Religious Intolerance in the Contemporary U.S.: This course explores several important facets of religious tolerance and intolerance in the U.S. today. It begins with the development of religious pluralism and the separation of church and state, but then questions the limits of this separation through examining the evidence for "public Protestantism" in the U.S. The rest of the course examines instances of religious intolerance in the U.S. - both intolerance of specific religions and religiously-based intolerance of specific groups - in the late twentieth and early twenty-first centuries. We'll explore the contours of religious intolerance, from hate crimes and violent protest to more subtle events and attitudes in our own communities and our own lives. Equally importantly, we'll also consider ways to combat intolerance in all its myriad forms.

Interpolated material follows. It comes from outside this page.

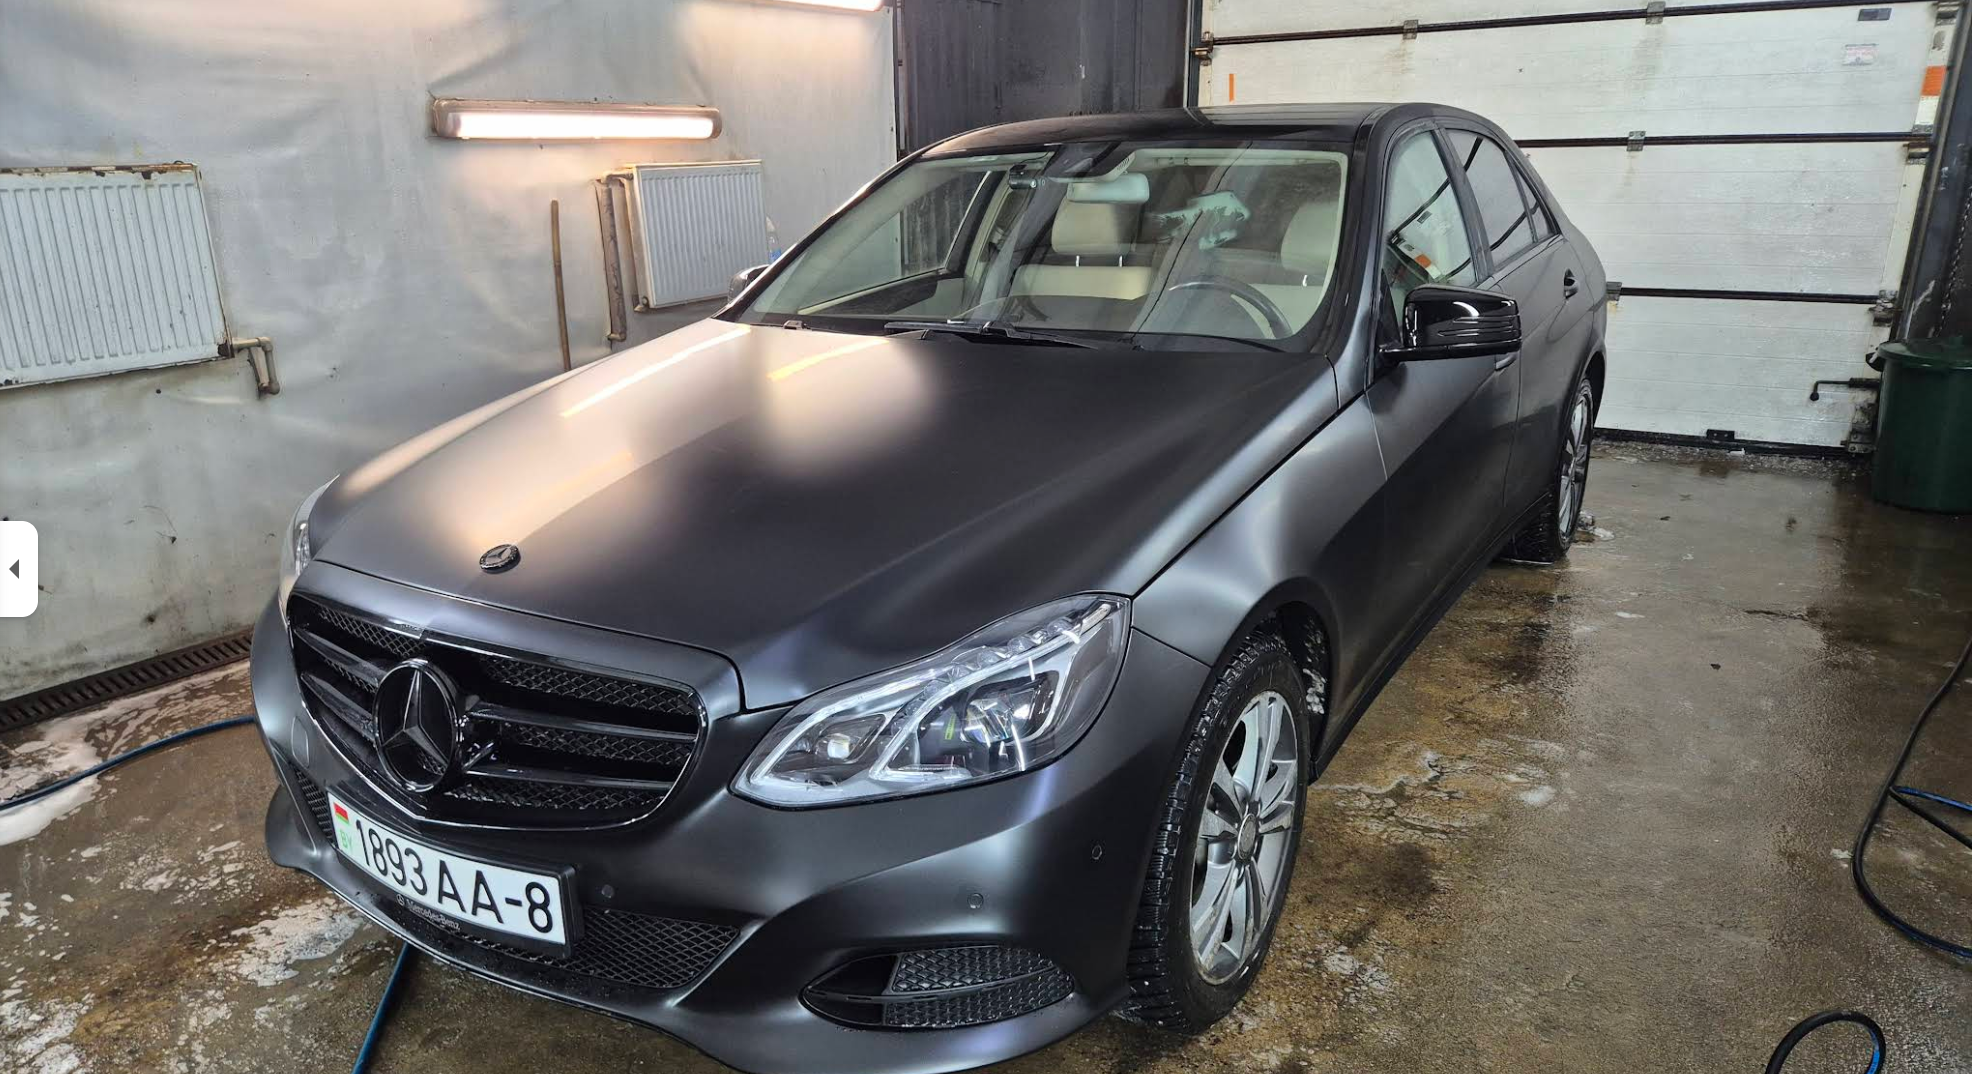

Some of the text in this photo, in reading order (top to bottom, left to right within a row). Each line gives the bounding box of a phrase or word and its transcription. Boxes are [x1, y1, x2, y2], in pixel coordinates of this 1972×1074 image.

[339, 829, 353, 851] BY
[356, 819, 553, 933] 1893 AA-8

The Iraq War: The purpose of this course is to study the national, regional, and global politics of the Iraq War. Beginning with an historical overview of the region and placing the war within the context of post-Cold War security politics, the course will interrogate the case made for the U.S.-led invasion of Iraq (e.g. war on terror, the human rights protection, weapons of mass destruction and the violation of U.N. resolutions, democratization of the “Greater Middle East,” energy resources), as well as the issues generated by the execution of the war and the occupation and insurgency that followed. These latter include military technology and strategy, the legal status of enemy combatants and the Geneva Conventions, the Abu Ghraib prison abuses, insurgency and civil war, regional religio-ethnic politics, and the production of military/diplomatic options on the “home front.”

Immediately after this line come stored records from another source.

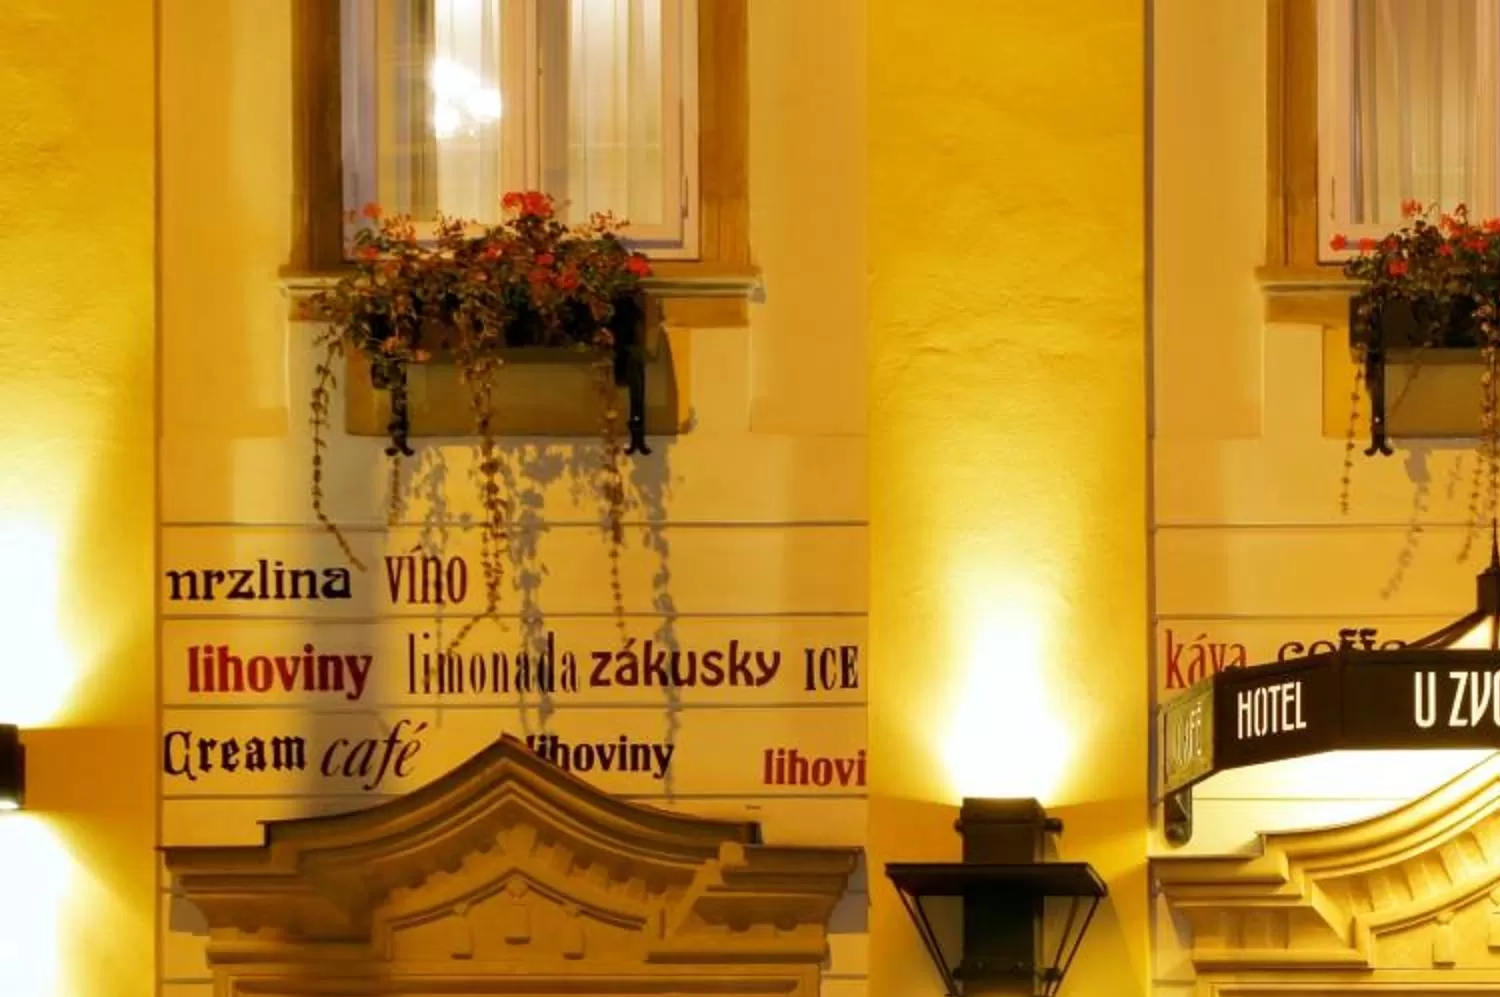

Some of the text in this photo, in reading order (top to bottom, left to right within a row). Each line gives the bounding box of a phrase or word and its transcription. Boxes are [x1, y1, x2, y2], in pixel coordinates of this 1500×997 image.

[165, 543, 468, 605] nrzlina víno
[187, 631, 859, 700] lihoviny limonada zákusky ICE
[1237, 681, 1307, 740] HOTEL
[1414, 671, 1436, 728] U
[163, 718, 428, 791] Cream café
[763, 748, 867, 787] lihovi

The Literature of Peace: Reading and discussion of a group of religious peace activists of the twentieth century (Dorothy Day, Gandhi, Martin Luther King, Jr., Thomas Merton, Abraham Joshua Heschel, Daniel Berrigan, Thich Nhat Hanh, and Bernie Glassman) and the religious texts that inspired their non-violent theories.

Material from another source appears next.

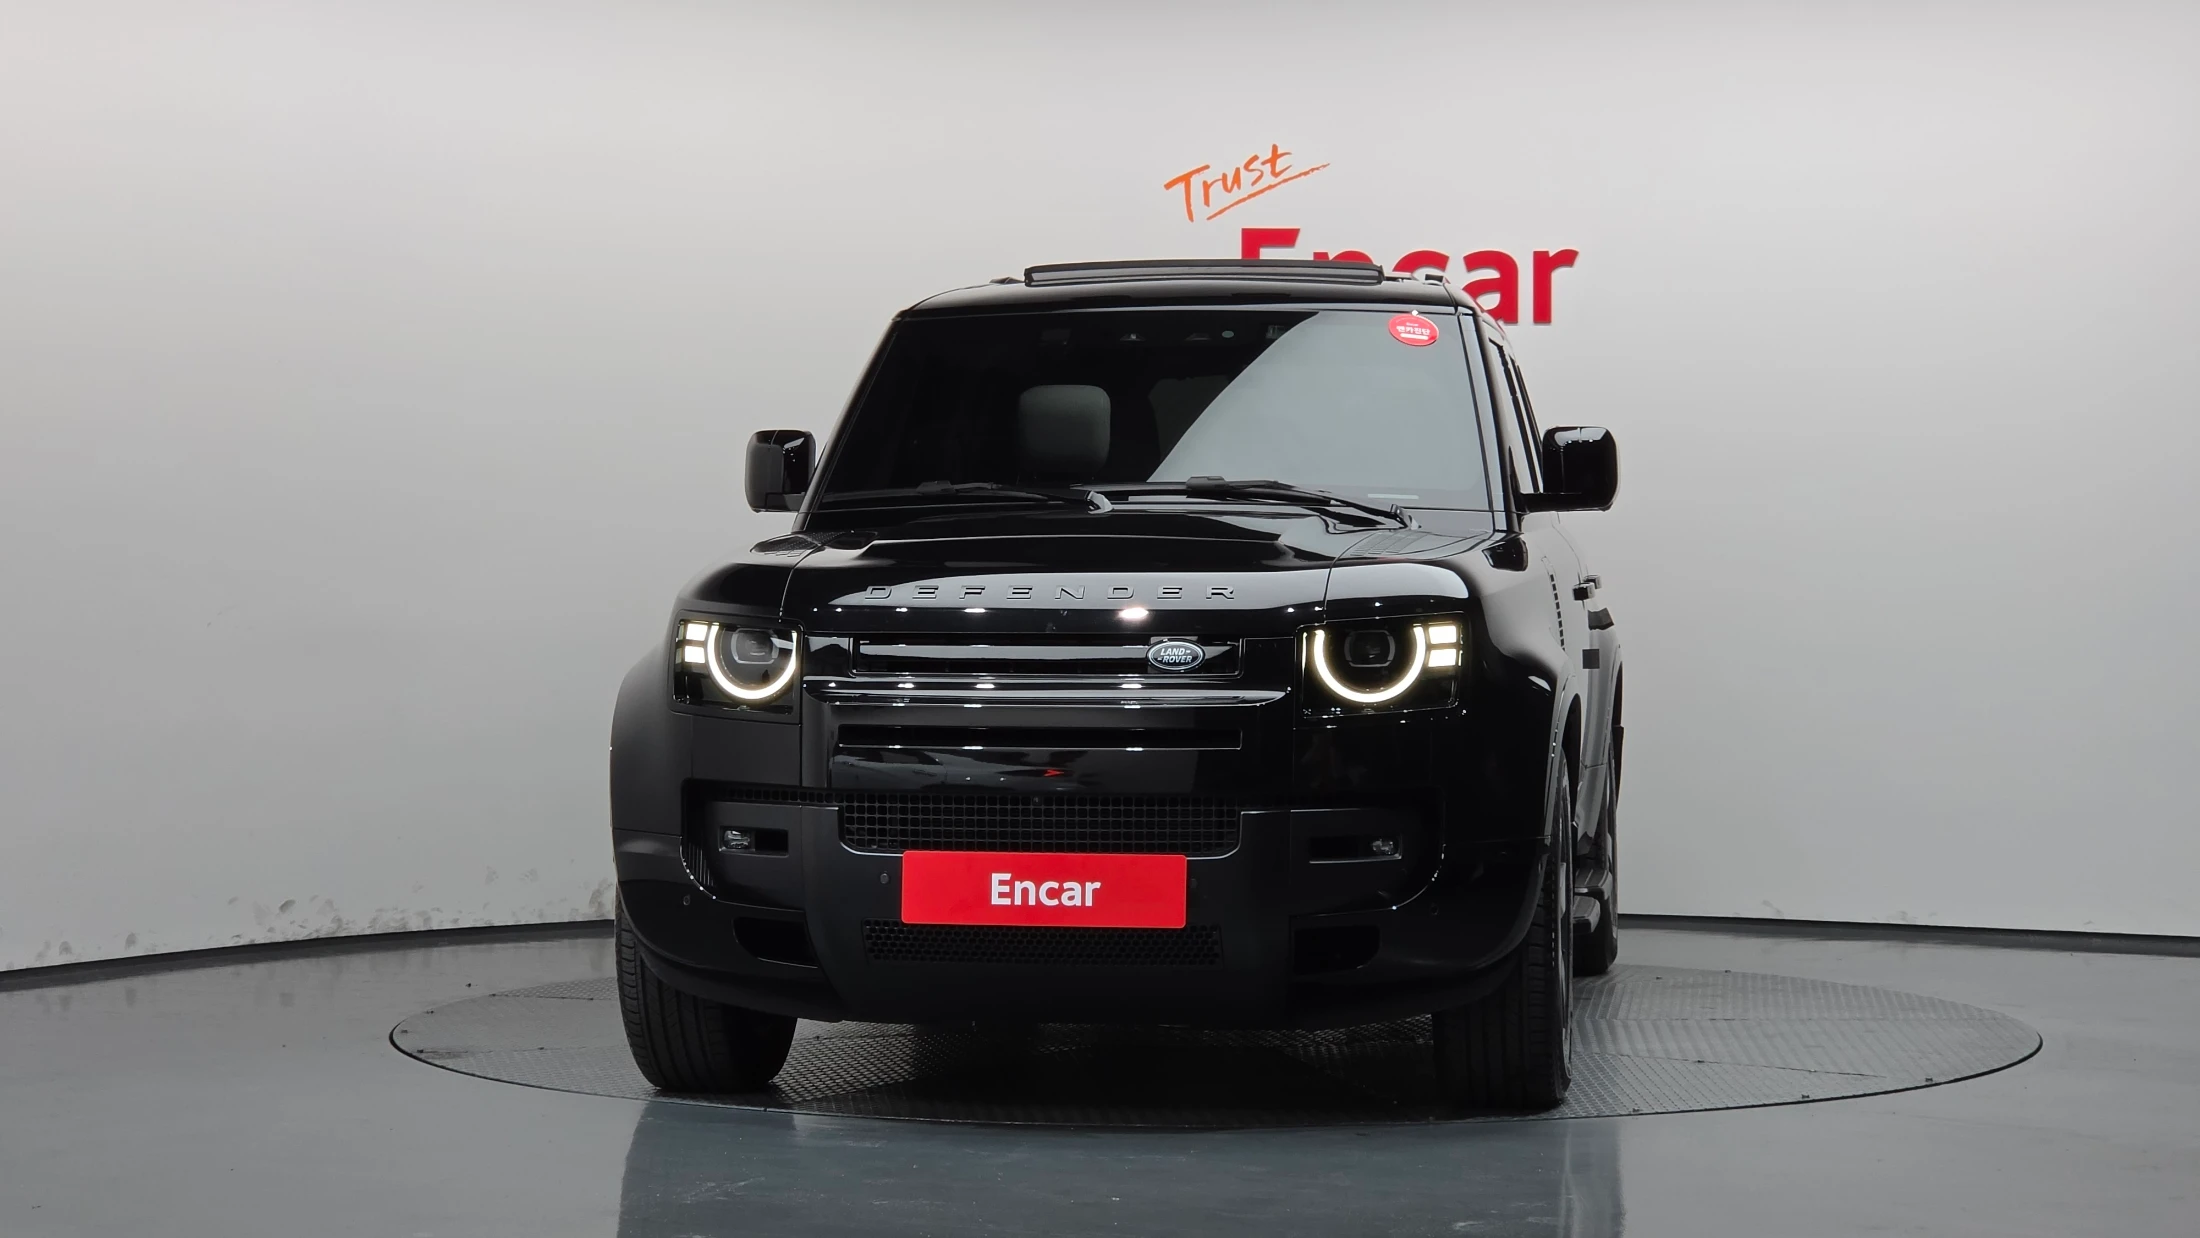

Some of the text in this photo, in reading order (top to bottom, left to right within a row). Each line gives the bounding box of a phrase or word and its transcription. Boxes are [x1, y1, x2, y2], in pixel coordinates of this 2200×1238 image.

[1163, 143, 1292, 222] Trust
[864, 585, 1236, 600] DEFENDER
[990, 872, 1102, 907] Encar

Critical and Alternative Voices: This one-semester extension of the First-Year Core will call into question the “dominance” of traditional western world views by critically examining the historical and ideological roles played by “others.” The aim is to learn to listen to these alternative voices in their own contexts. Such voices will include those geographically “non-western,” as well as those excluded or subordinated by way of race, gender, or class within Europe and America.